I wouldn't go out without a bra. You will get the wrong sort of attention. Cant you wear one out and take it off when you get home? 
I would listen to my husband if he asked me not to do something like this, because he is the only man I care about and whose views are important to me. 

Besides that, wearing a bra is needed for support and will stop them sagging too much.


----------



## SunCMars

She'sStillGotIt said:


> I rarely share anything personal about myself, but I will divulge that I wear a bra 24 hours a day, 7 days a week to protect my investment. That was the *first* piece of advice my plastic surgeon gave me after surgery. :wink2:
> 
> The ONLY skin holding up your breasts is the skin across the top of your chest. Whether you're 'only' a B cup or not, the weight of your breasts continually pulling down on that skin WILL eventually have a negative affect on that skin and eventually, you'll be able to tuck those babies into the waistband of your pants. Not a pretty sight.
> 
> The only time I go out bra-less is in a halter type top that's meant to be worn that way, or at the beach in a bikini. Otherwise, I'm all about protecting my investment.


My GOD!

What I thought were tits are now investments.

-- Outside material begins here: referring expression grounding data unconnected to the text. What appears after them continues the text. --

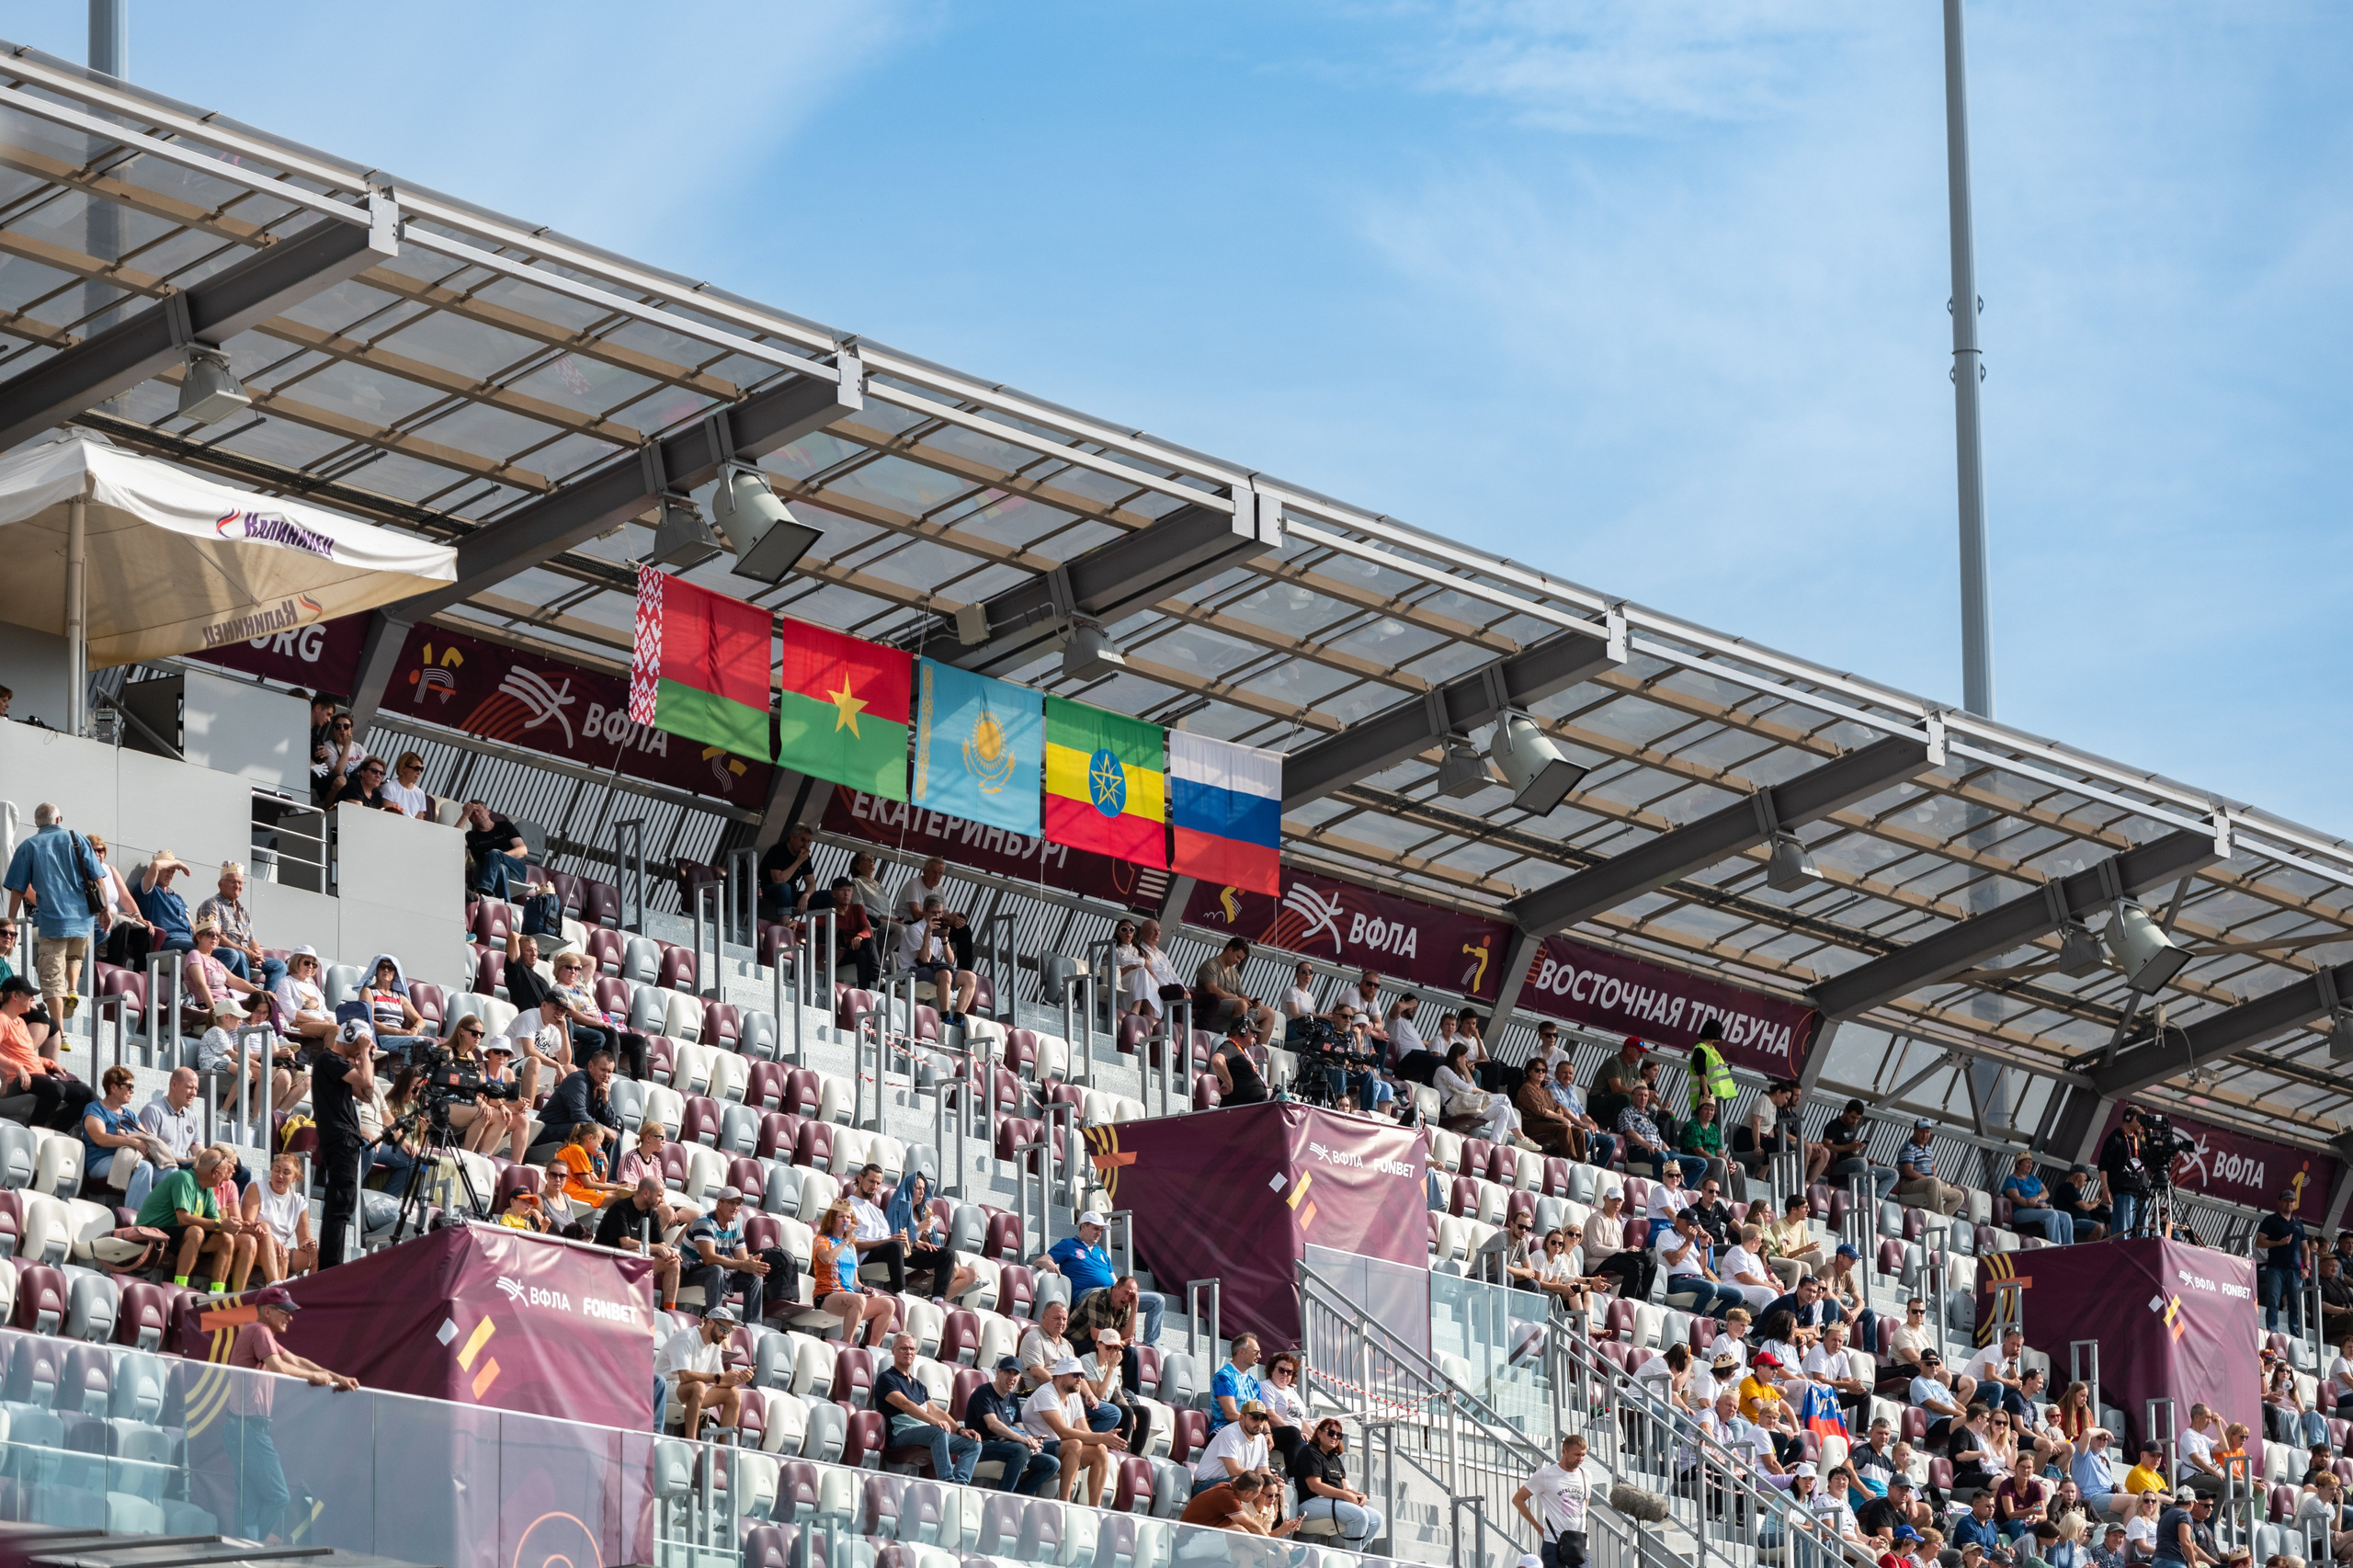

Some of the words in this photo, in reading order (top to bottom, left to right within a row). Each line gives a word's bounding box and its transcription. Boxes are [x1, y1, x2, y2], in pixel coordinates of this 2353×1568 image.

[581, 702, 667, 758] ВФЛА
[1347, 912, 1417, 959] ВФЛА
[1535, 958, 1687, 1028] ВОСТОЧНАЯ
[1687, 1000, 1791, 1057] ТРИБУНА
[1332, 1151, 1364, 1169] ВФЛА
[1373, 1158, 1415, 1178] FONBET
[2211, 1151, 2265, 1189] ВФЛА
[2194, 1277, 2217, 1292] ВФЛА
[2222, 1282, 2252, 1300] FONBET
[529, 1287, 572, 1312] ВФЛА
[583, 1297, 638, 1324] FONBET

The Red Queen would agree with this investment strategy.

I hope you let your husband see what he invested in.


----------



## john117

Of course they are investments...

https://en.m.wikipedia.org/wiki/Titcoin


----------



## Blondilocks

john117 said:


> Of course they are investments...
> 
> https://en.m.wikipedia.org/wiki/Titcoin


:rofl::rofl::rofl: Just when you think life can't get any weirder.


----------



## Diana7

Must admit that I am grateful not to have very large assets. I am now in my 60's and they are still in good shape and not saggy.


----------



## Spicy

Have you ever said something to him that comes out too harsh? I know I have to my hubby.
I'm all for personal choice and comfort, but I am also for repsecting your spouses feelings when possible.
You are very lucky to be in a fantastic marriage. Forgive him of his crappy word choice, just like I'm sure he has forgiven you for the same in the past. Pick your battles, and I would say this one isn't worth a fight. Being overly sensitive can chip away at a good marriage.

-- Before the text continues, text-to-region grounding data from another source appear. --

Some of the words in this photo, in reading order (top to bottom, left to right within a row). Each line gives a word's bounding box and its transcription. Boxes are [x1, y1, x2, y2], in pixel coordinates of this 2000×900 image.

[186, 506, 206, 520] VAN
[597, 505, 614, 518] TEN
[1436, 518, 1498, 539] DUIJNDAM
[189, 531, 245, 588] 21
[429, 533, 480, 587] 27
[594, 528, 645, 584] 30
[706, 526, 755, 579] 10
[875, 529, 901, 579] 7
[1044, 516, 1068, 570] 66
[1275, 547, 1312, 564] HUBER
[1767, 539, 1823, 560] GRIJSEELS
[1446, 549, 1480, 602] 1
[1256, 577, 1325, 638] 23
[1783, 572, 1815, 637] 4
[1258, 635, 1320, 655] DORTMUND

If it were me, I would just throw on a comfy bra, in the name of love, and respect my hubby's feelings.


----------



## MattMatt

Blondilocks said:


> :rofl::rofl::rofl: Just when you think life can't get any weirder.


Coining it in, huh?


----------



## Blondilocks

Diana7 said:


> Must admit that I am grateful not to have very large assets. I am now in my 60's and they are still in good shape and not saggy.


There ya go. Bragging, again.:wink2:


----------



## Diana7

Blondilocks said:


> There ya go. Bragging, again.:wink2:


:laugh:


----------



## arbitrator

Blondilocks said:


> *There ya go. Bragging, again.*:wink2:


*Although you are roughly in the same age range that she is, I can only hope and pray that my new GF is in the same shape that you are!

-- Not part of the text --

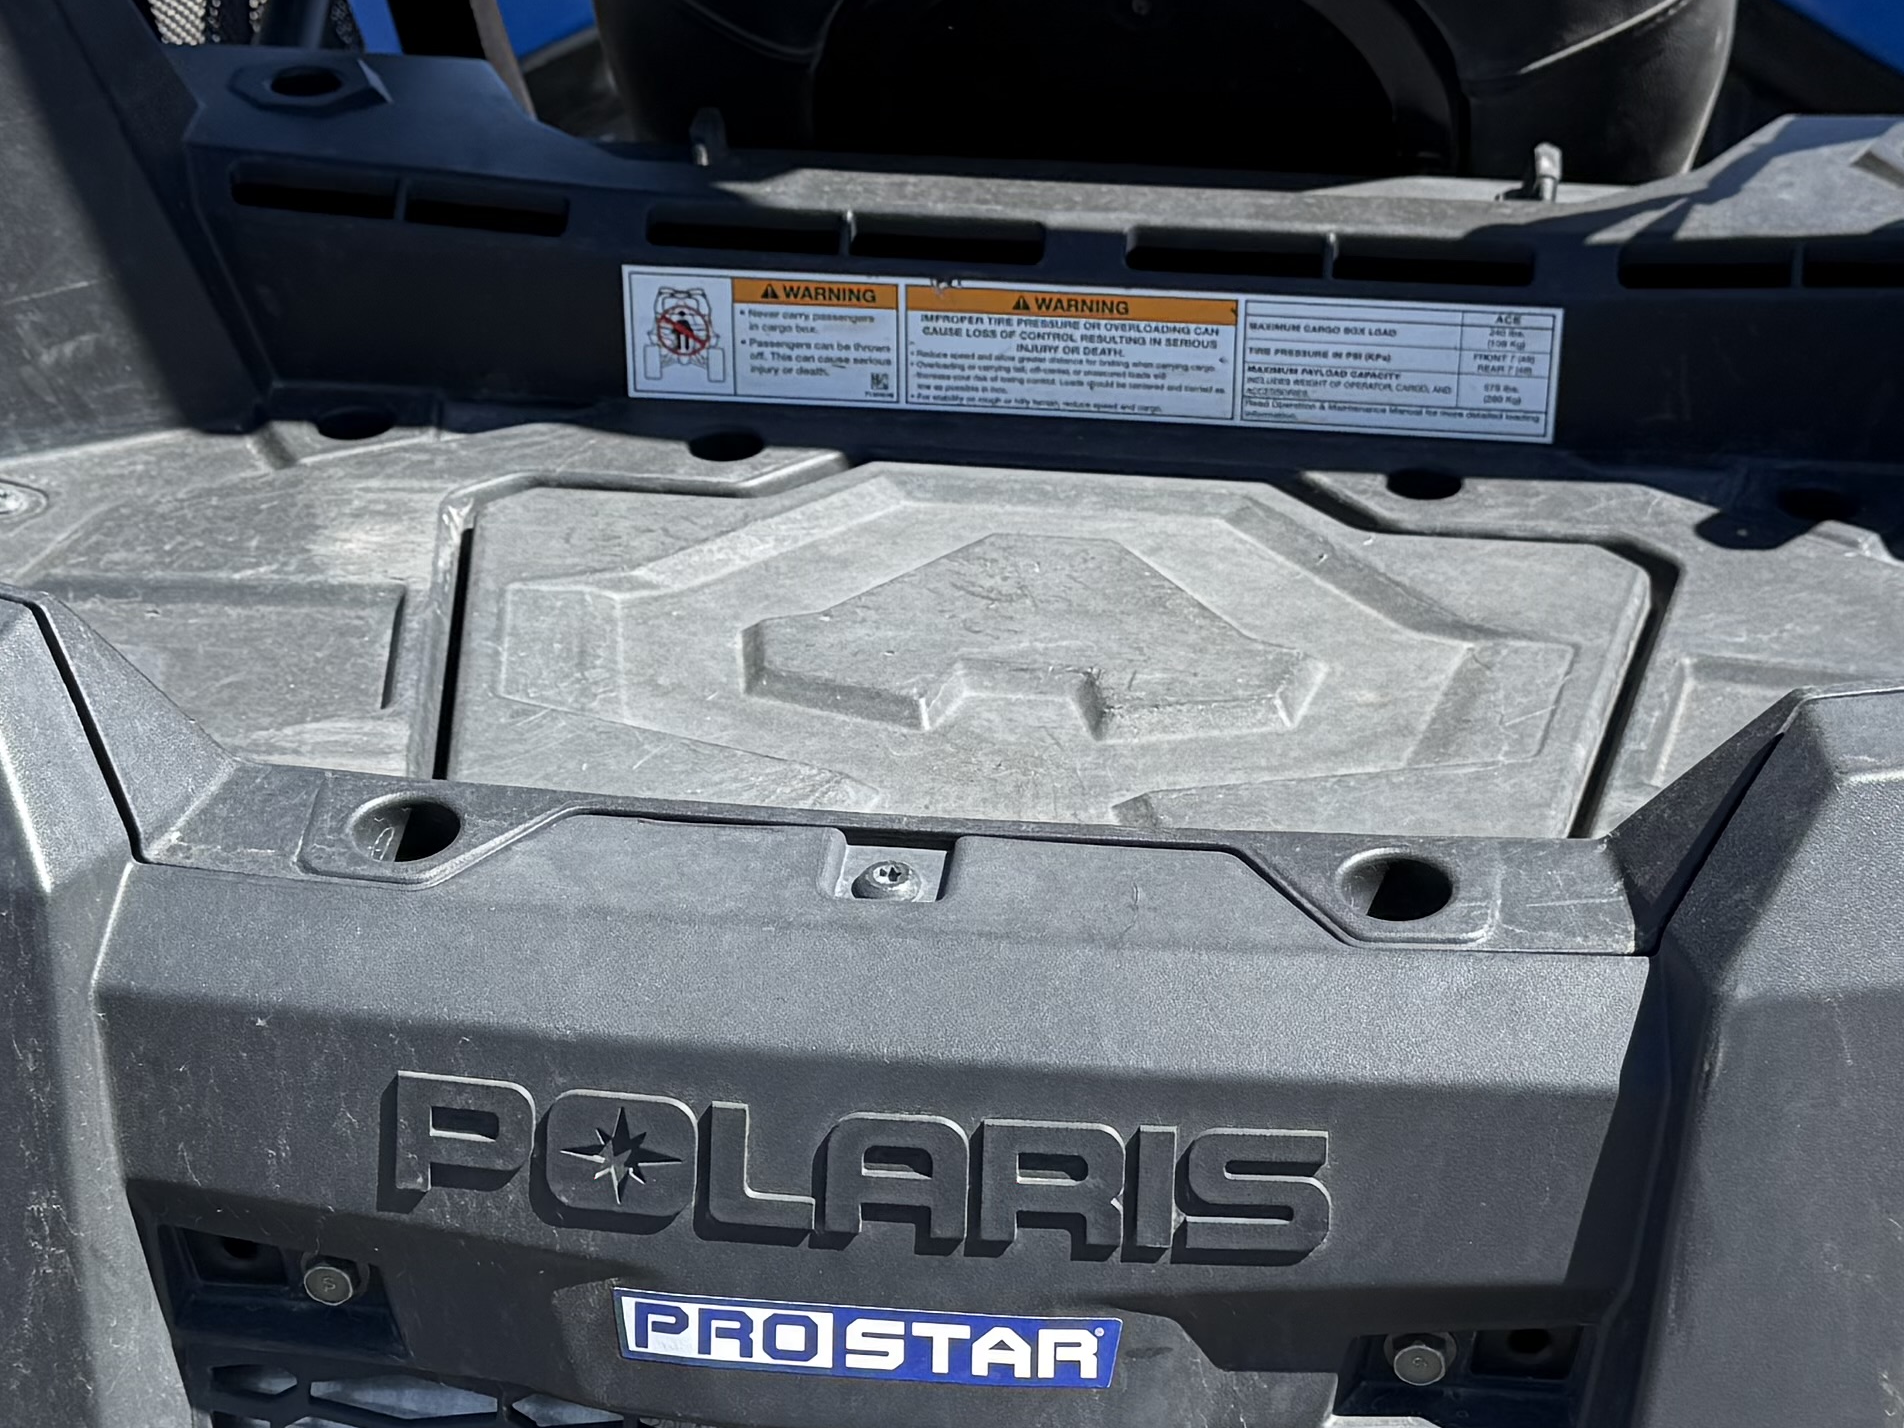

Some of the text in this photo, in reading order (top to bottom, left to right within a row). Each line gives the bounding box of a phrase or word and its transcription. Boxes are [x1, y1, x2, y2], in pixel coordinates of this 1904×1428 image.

And to that end, I'm rather envious!*


----------



## BradWesley2

Reading many of the posts on this thread, and some others, that some of the TAM posters are sooooooo uptight, that if you shoved a lump of coal up their butts, they would each have a diamond in two weeks!


----------



## Blondilocks

BradWesley2 said:


> Reading many of the posts on this thread, and some others, that some of the TAM posters are sooooooo uptight, that if you shoved a lump of coal up their butts, they would each have a diamond in two weeks!


Careful. De Beers will put out a contract on you.


----------



## alte Dame

I don't think it's the bra per se. I think it's the ability of people to see your wares, which usually means jiggling and visible nipples. As one poster said, this is considered by many to be immodest and many people have a negative reaction to that.

I have a friend who had a double mastectomy 15+ years ago. She then had reconstructive surgery. She came to visit to show off her new boobs, which never really jiggled and had tattoos for nipples. She told me she loved them because she was able to make them the size she always wanted and would never have to wear a bra again. And it's true, you can't tell that she's not wearing a bra.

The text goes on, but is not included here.